Take a look at this pattern: capture(LOWER) %R% REF1. It matches and captures any lower case character, then is followed by the captured character: it detects repeated characters regardless of what character is repeated. To see it in action try this:

str_view(c("hello", "sweet", "kitten"), 
  pattern = capture(LOWER) %R% REF1)

If you capture more than one thing you can refer to them with REF2, REF3 etc. up to REF9, counting the captures from the left of the pattern.

# Names with three repeated letters
repeated_three_times <- capture(LOWER) %R% REF1 %R% REF1

# Test it
str_view(boy_names, pattern = repeated_three_times, match = TRUE)

# Names with a pair of repeated letters
pair_of_repeated <- capture(LOWER %R% LOWER) %R% REF1

# Test it
str_view(boy_names, pattern = pair_of_repeated, match = TRUE)

# Names with a pair that reverses
pair_that_reverses <- capture(LOWER) %R% capture(LOWER) %R% REF2 %R% REF1

# Test it
str_view(boy_names, pattern = pair_that_reverses, match = TRUE)

# Four letter palindrome names
four_letter_palindrome <- exactly(capture(LOWER) %R% capture(LOWER) %R% REF2 %R% REF1)

# Test it
str_view(boy_names, pattern = four_letter_palindrome, match = TRUE)

In addition to matching repeated values, backreferences can also be used for replacement.

4.2.2 Replacing with regular expressions

Now, you’ve mastered matching with backreferences, you’ll build up to replacing with backreferences, but first let’s review str_replace() now that you’ve got regular expressions under your belt.

Remember str_replace() takes three arguments, string a vector of strings to do the replacements in, pattern that identifies the parts of strings to replace and replacement the thing to use as a replacement.

replacement can be a vector, the same length as string, each element specifies the replacement to be used in each string.

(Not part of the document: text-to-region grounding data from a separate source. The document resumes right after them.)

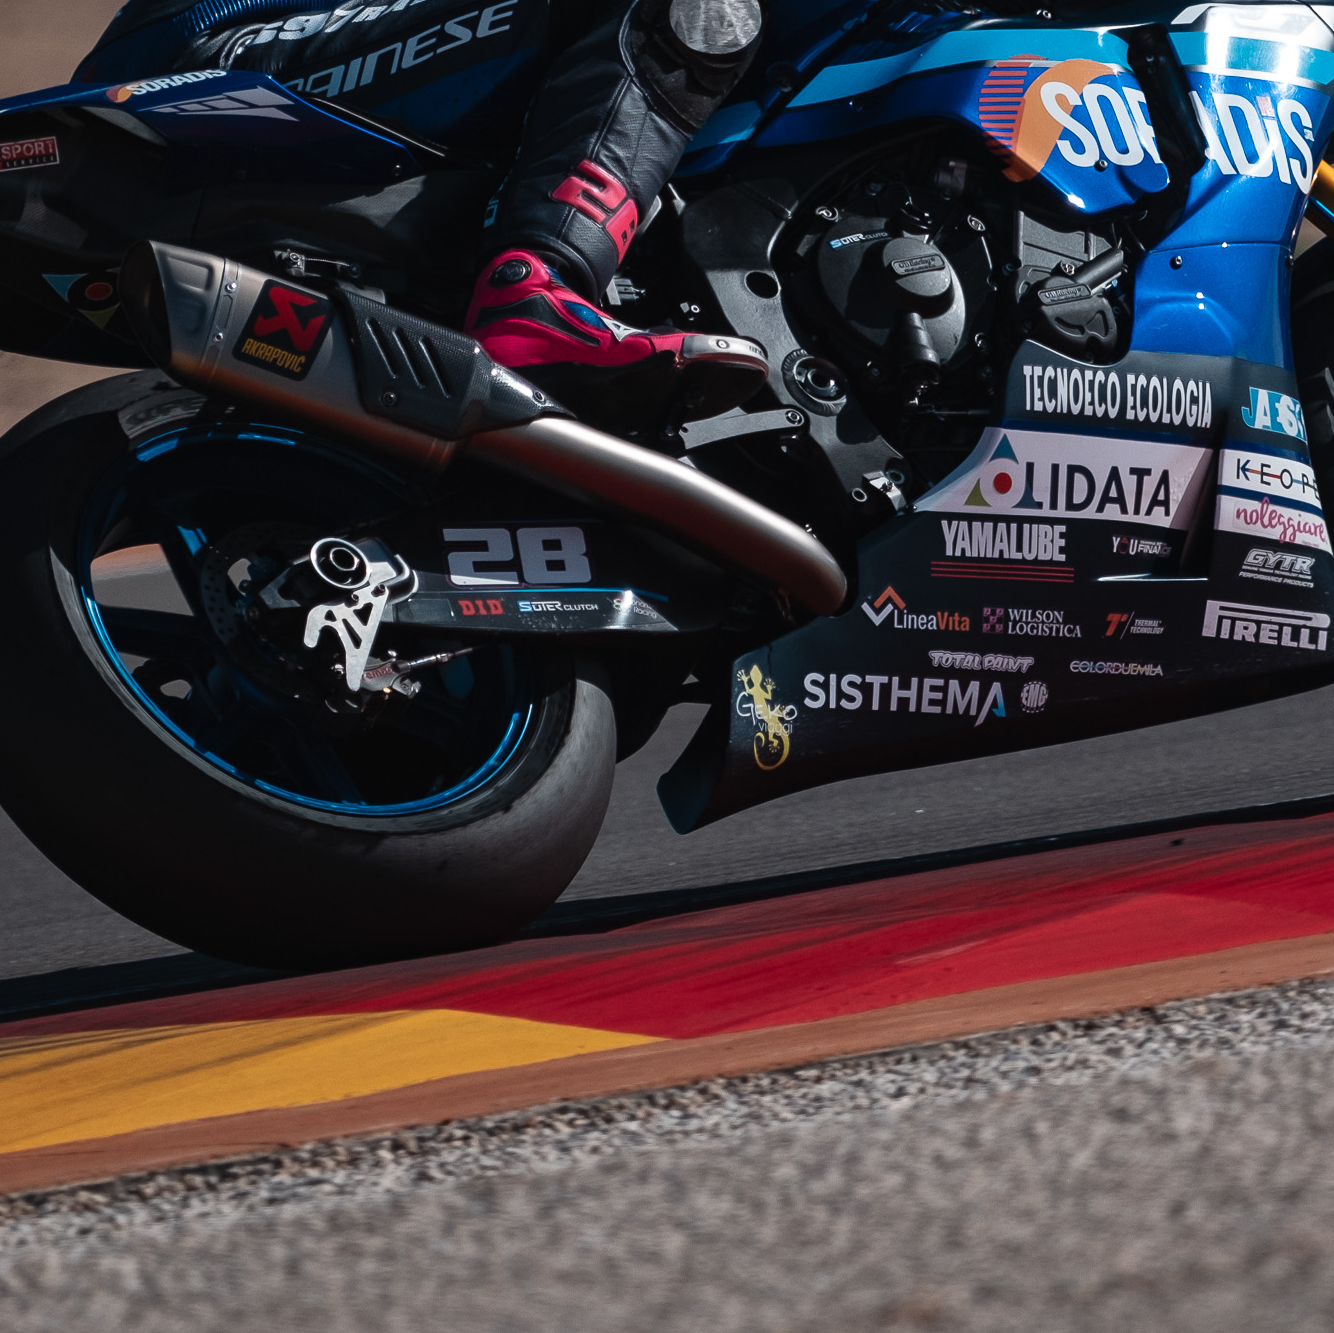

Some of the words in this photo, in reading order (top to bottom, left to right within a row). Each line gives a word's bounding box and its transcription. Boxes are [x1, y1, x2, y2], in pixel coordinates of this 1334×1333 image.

[5, 154, 56, 168] SERVICE
[1023, 365, 1120, 419] TECNOECO
[1125, 372, 1213, 429] ECOLOGIA
[941, 520, 1066, 562] YAMALUBE
[442, 526, 592, 586] 28
[1243, 548, 1316, 575] GYTR
[458, 599, 504, 616] DID
[563, 603, 599, 611] CLUTCH
[1007, 608, 1064, 623] WILSON
[1007, 622, 1082, 638] LOGISTICA
[1201, 599, 1331, 651] PIRELLI
[929, 650, 982, 670] TOTAL
[982, 654, 1034, 674] PAINT
[803, 672, 1006, 728] SISTHEMA

# View text containing phone numbers
contact
[1] "Call me at 555-555-0191"                  "123 Main St"                             
[3] "(555) 555 0191"                           "Phone: 555.555.0191 Mobile: 555.555.0192"
# Replace digits with "X"
str_replace(contact, DGT, "X")
[1] "Call me at X55-555-0191"                  "X23 Main St"                             
[3] "(X55) 555 0191"                           "Phone: X55.555.0191 Mobile: 555.555.0192"
# Replace all digits with "X"
str_replace_all(contact, DGT, "X")
[1] "Call me at XXX-XXX-XXXX"                  "XXX Main St"                             
[3] "(XXX) XXX XXXX"                           "Phone: XXX.XXX.XXXX Mobile: XXX.XXX.XXXX"
# Replace all digits with different symbol
str_replace_all(contact, DGT, c("X", ".", "*", "_"))
[1] "Call me at XXX-XXX-XXXX"                  "... Main St"                             
[3] "(***) *** ****"                           "Phone: ___.___.____ Mobile: ___.___.____"

Using "" for the replacement value is a great way to cut unwanted bits from a string.

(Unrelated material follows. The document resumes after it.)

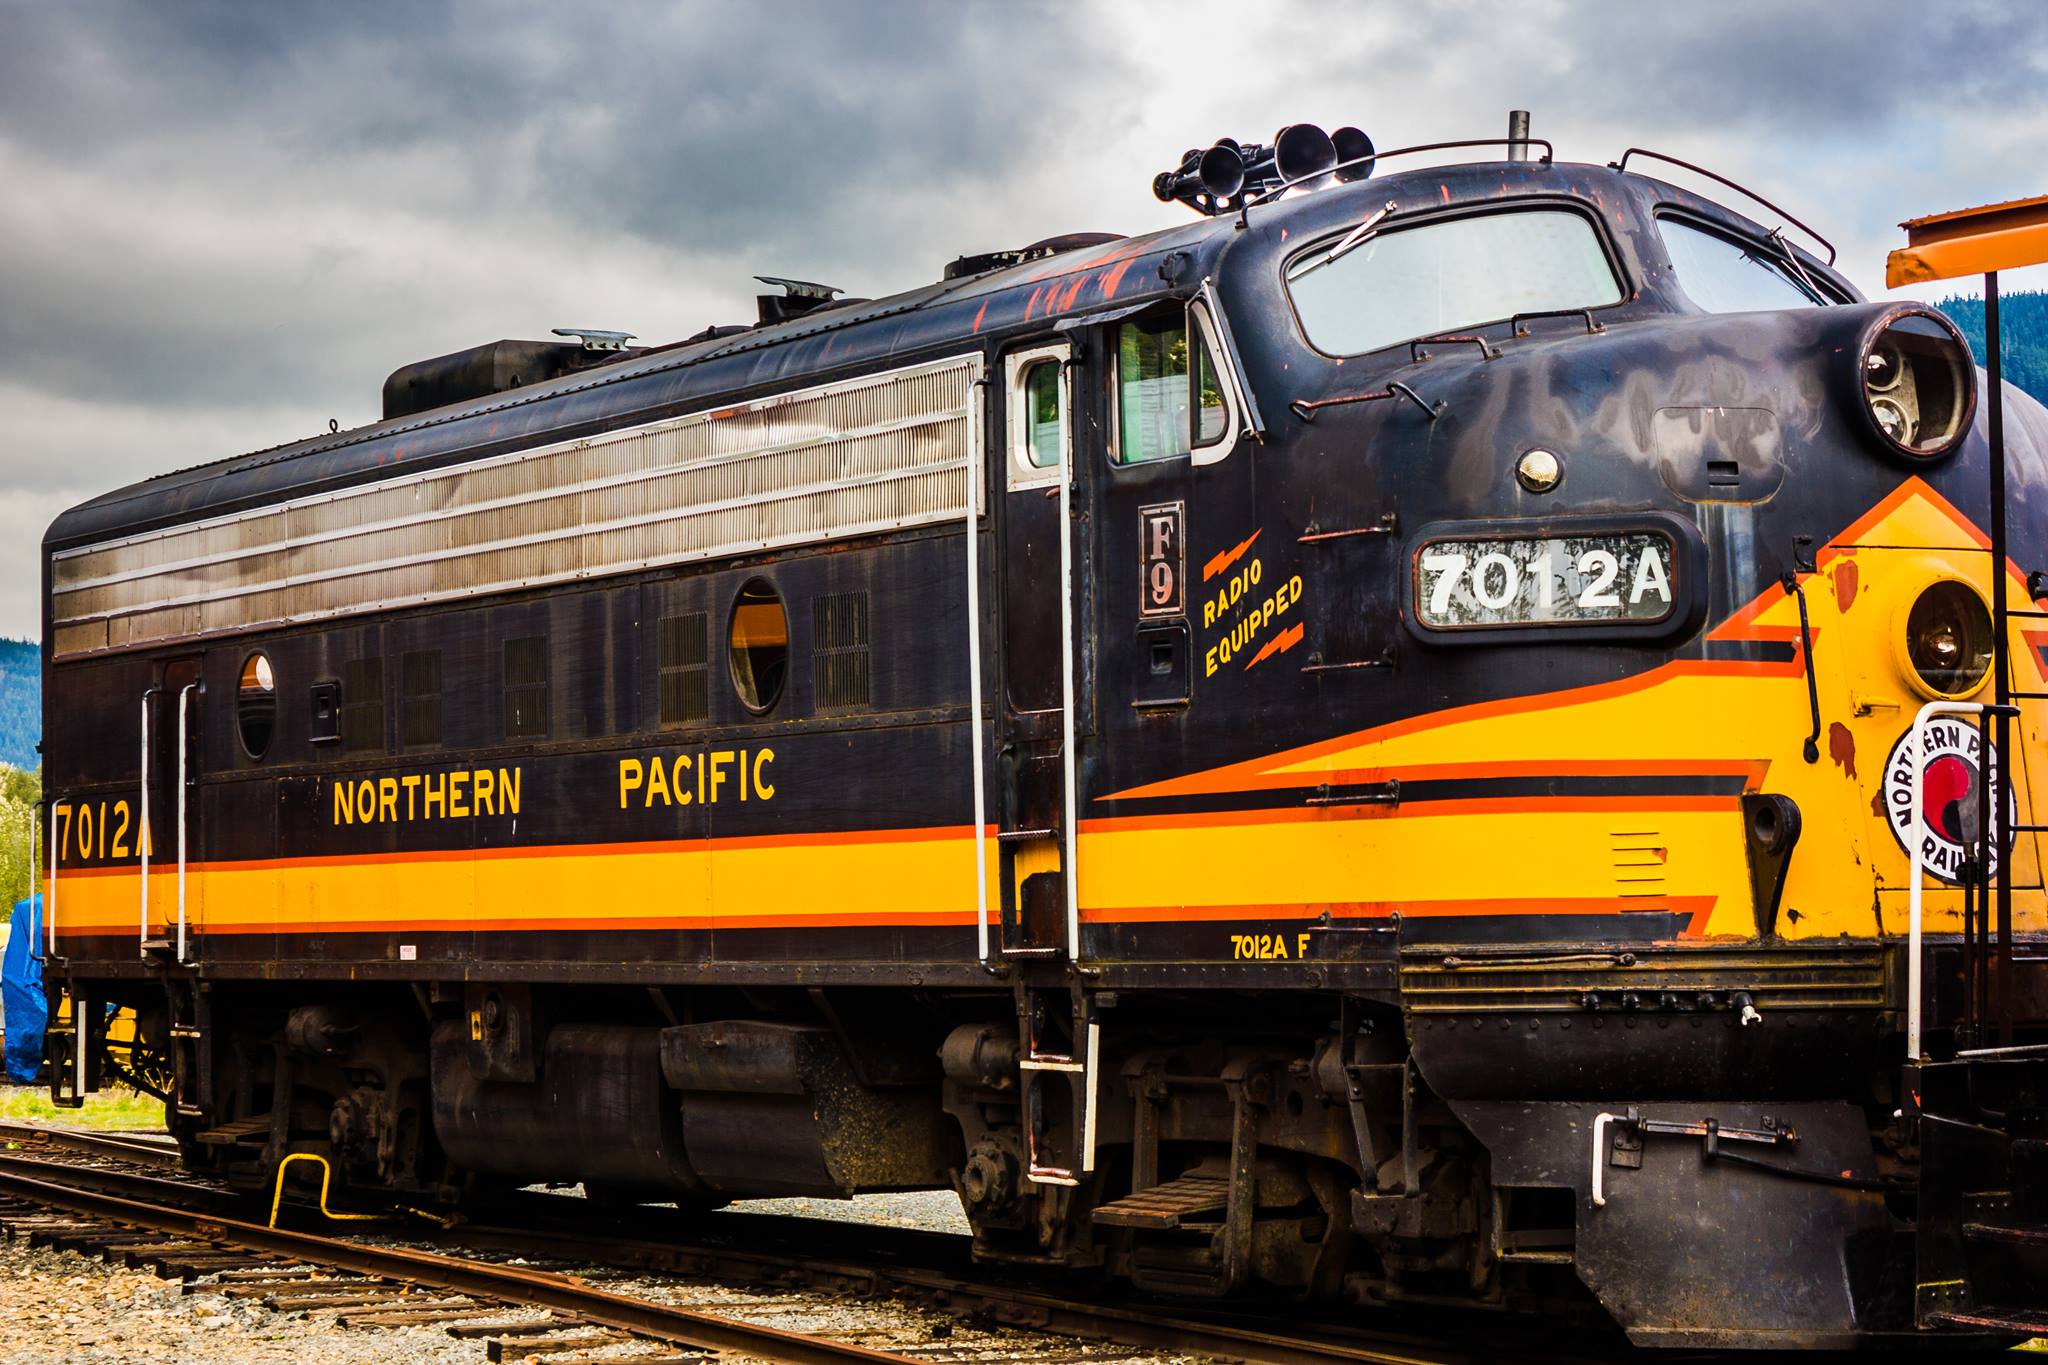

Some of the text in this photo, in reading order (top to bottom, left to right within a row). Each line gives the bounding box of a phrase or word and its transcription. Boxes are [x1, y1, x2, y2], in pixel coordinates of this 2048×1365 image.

4.2.3 Replacing with backreferences

The replacement argument to str_replace() can also include backreferences. This works just like specifying patterns with backreferences, except the capture happens in the pattern argument, and the backreference is used in the replacement argument.

x <- c("hello", "sweet", "kitten")
str_replace(x, capture(ANY_CHAR), str_c(REF1, REF1))
[1] "hhello"  "ssweet"  "kkitten"

capture(ANY_CHAR) will match the first character no matter what it is. Then the replacement str_c(REF1, REF1) combines the captured character with itself, in effect doubling the first letter of each string.

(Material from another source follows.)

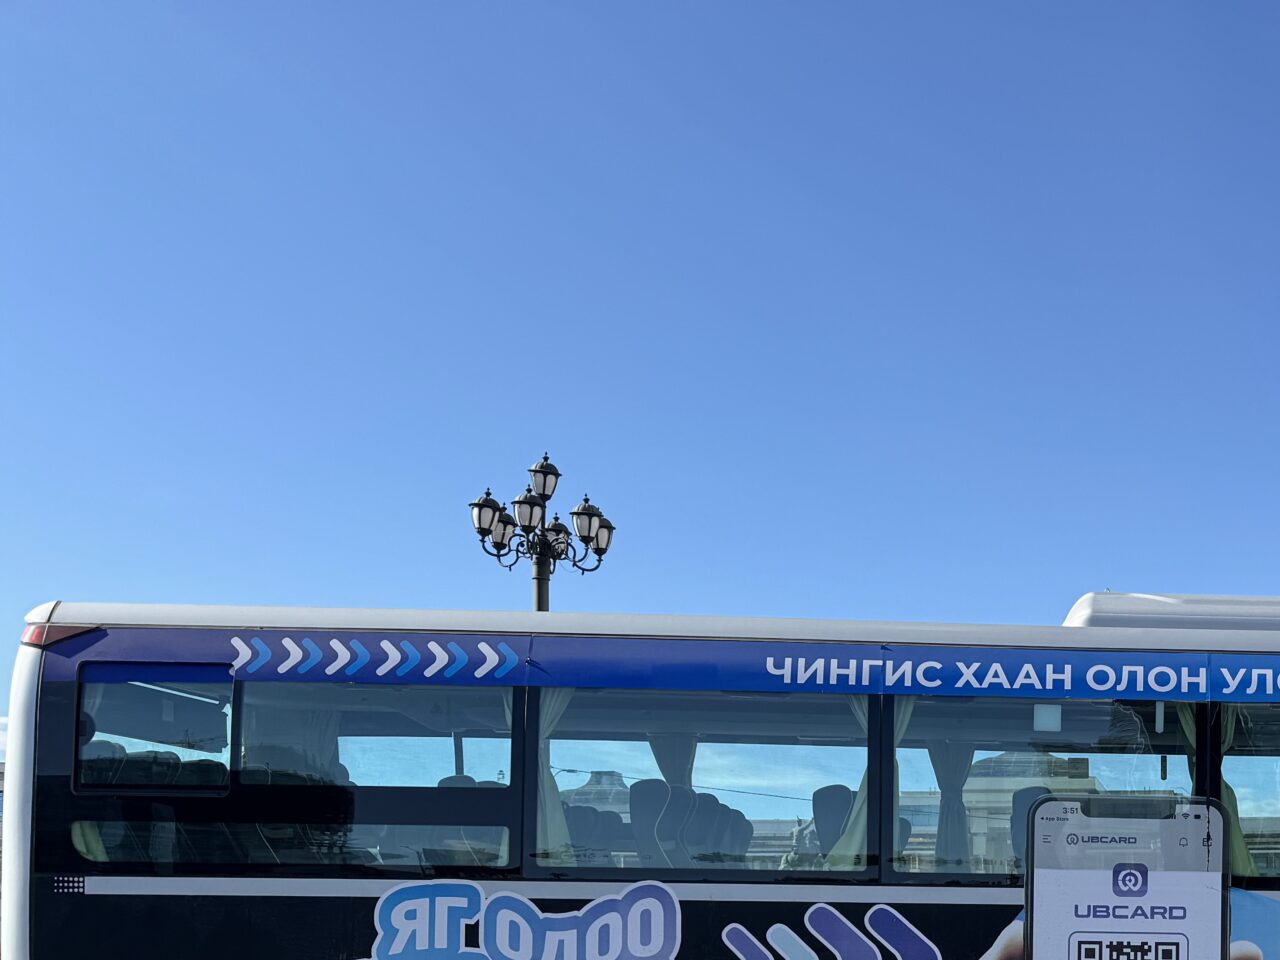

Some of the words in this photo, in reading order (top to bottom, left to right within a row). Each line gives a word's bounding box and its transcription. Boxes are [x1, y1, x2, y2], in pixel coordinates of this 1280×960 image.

You are going to use this to create some alternative, more lively accident narratives.

The strategy you’ll take is to match words ending in “ING” then replace them with an adverb followed by the original word.

adverbs <- readRDS("adverbs.rds")
# Build pattern to match words ending in "ING"
pattern <- one_or_more(WRD) %R% "ING"
str_view(narratives, pattern)


# Test replacement
str_replace(narratives, capture(pattern), 
  str_c("CARELESSLY", REF1, sep = " "))
 [1] "19YOM-SHOULDER STRAIN-WAS TACKLED WHILE CARELESSLY PLAYING FOOTBALL W/ FRIENDS "                      
 [2] "31 YOF FELL FROM TOILET HITITNG HEAD CARELESSLY SUSTAINING A CHI "                                    
 [3] "ANKLE STR. 82 YOM STRAINED ANKLE CARELESSLY GETTING OUT OF BED "                                      
 [4] "TRIPPED OVER CAT AND LANDED ON HARDWOOD FLOOR. LACERATION ELBOW, LEFT. 33 YOF*"                       
 [5] "10YOM CUT THUMB ON METAL TRASH CAN DX AVULSION OF SKIN OF THUMB "                                     
 [6] "53 YO F TRIPPED ON CARPET AT HOME. DX HIP CONTUSION "                                                 
 [7] "13 MOF CARELESSLY TRYING TO STAND UP HOLDING ONTO BED FELL AND HIT FOREHEAD ON RADIATOR DX LACERATION"
 [8] "14YR M CARELESSLY PLAYING FOOTBALL; DX KNEE SPRAIN "                                                  
 [9] "55YOM RIDER OF A BICYCLE AND FELL OFF SUSTAINED A CONTUSION TO KNEE "                                 
[10] "5 YOM CARELESSLY ROLLING ON FLOOR DOING A SOMERSAULT AND SUSTAINED A CERVICAL STRA IN"                
# One adverb per narrative
adverbs_10 <- sample(adverbs, 10)

# Replace "***ing" with "adverb ***ly"
str_replace(narratives, 
  capture(pattern),
  str_c(adverbs_10, REF1, sep = " "))  
 [1] "19YOM-SHOULDER STRAIN-WAS TACKLED WHILE EXCITEDLY PLAYING FOOTBALL W/ FRIENDS "                         
 [2] "31 YOF FELL FROM TOILET HITITNG HEAD FEROCIOUSLY SUSTAINING A CHI "                                     
 [3] "ANKLE STR. 82 YOM STRAINED ANKLE HIGHLY GETTING OUT OF BED "                                            
 [4] "TRIPPED OVER CAT AND LANDED ON HARDWOOD FLOOR. LACERATION ELBOW, LEFT. 33 YOF*"                         
 [5] "10YOM CUT THUMB ON METAL TRASH CAN DX AVULSION OF SKIN OF THUMB "                                       
 [6] "53 YO F TRIPPED ON CARPET AT HOME. DX HIP CONTUSION "                                                   
 [7] "13 MOF TREMENDOUSLY TRYING TO STAND UP HOLDING ONTO BED FELL AND HIT FOREHEAD ON RADIATOR DX LACERATION"
 [8] "14YR M ACCIDENTALLY PLAYING FOOTBALL; DX KNEE SPRAIN "                                                  
 [9] "55YOM RIDER OF A BICYCLE AND FELL OFF SUSTAINED A CONTUSION TO KNEE "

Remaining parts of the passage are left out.